Stored data entries:
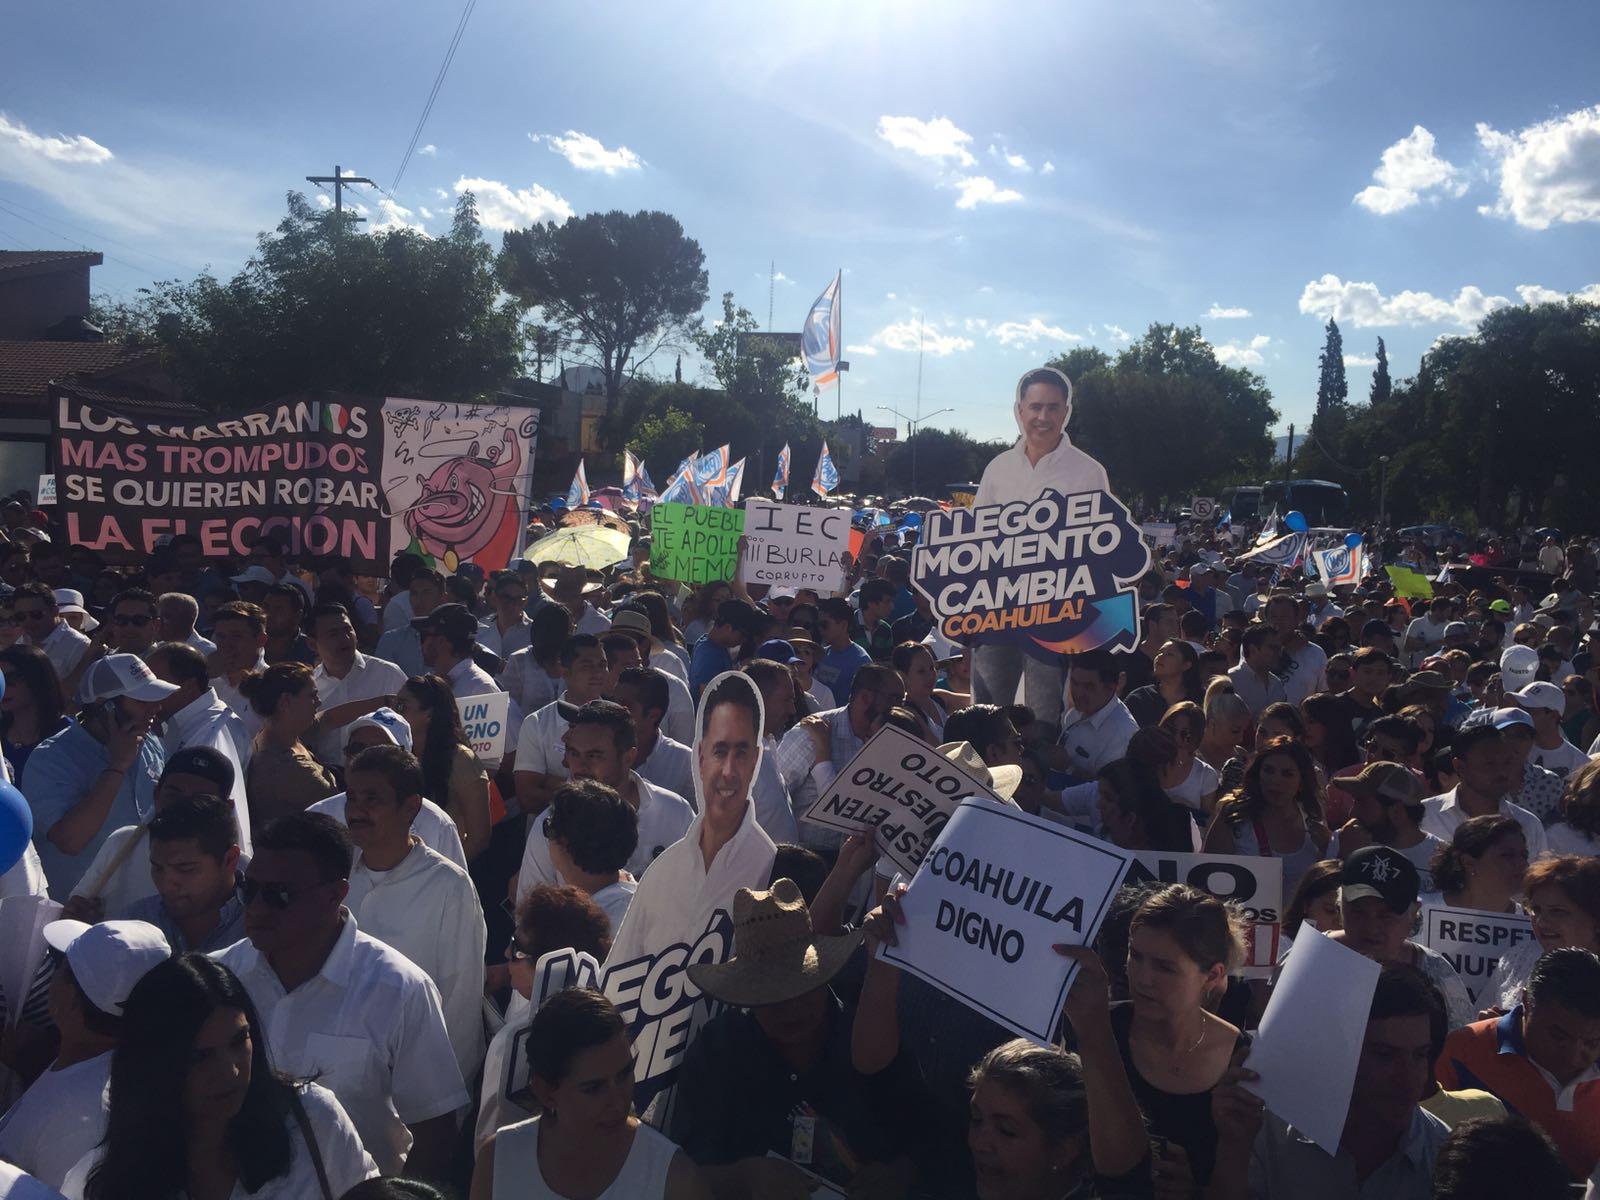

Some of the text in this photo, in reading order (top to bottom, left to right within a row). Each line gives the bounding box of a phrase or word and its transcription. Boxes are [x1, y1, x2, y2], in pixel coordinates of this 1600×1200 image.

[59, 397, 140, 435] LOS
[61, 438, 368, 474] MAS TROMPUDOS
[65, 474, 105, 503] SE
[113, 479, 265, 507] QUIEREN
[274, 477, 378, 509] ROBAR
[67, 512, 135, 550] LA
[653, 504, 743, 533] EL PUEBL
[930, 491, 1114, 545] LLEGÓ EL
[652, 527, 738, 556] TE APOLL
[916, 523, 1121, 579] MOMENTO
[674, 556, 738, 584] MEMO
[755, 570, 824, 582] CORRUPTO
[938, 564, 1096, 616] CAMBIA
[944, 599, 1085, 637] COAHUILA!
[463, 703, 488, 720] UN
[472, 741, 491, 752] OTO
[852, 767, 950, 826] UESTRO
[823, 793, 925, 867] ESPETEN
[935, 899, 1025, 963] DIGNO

The task: Your answer must be the entries repeated exactly, with no pictures.

Result of this task:
Some of the text in this photo, in reading order (top to bottom, left to right within a row). Each line gives the bounding box of a phrase or word and its transcription. Boxes are [x1, y1, x2, y2], in pixel coordinates of this 1600×1200 image.

[59, 397, 140, 435] LOS
[61, 438, 368, 474] MAS TROMPUDOS
[65, 474, 105, 503] SE
[113, 479, 265, 507] QUIEREN
[274, 477, 378, 509] ROBAR
[67, 512, 135, 550] LA
[653, 504, 743, 533] EL PUEBL
[930, 491, 1114, 545] LLEGÓ EL
[652, 527, 738, 556] TE APOLL
[916, 523, 1121, 579] MOMENTO
[674, 556, 738, 584] MEMO
[755, 570, 824, 582] CORRUPTO
[938, 564, 1096, 616] CAMBIA
[944, 599, 1085, 637] COAHUILA!
[463, 703, 488, 720] UN
[472, 741, 491, 752] OTO
[852, 767, 950, 826] UESTRO
[823, 793, 925, 867] ESPETEN
[935, 899, 1025, 963] DIGNO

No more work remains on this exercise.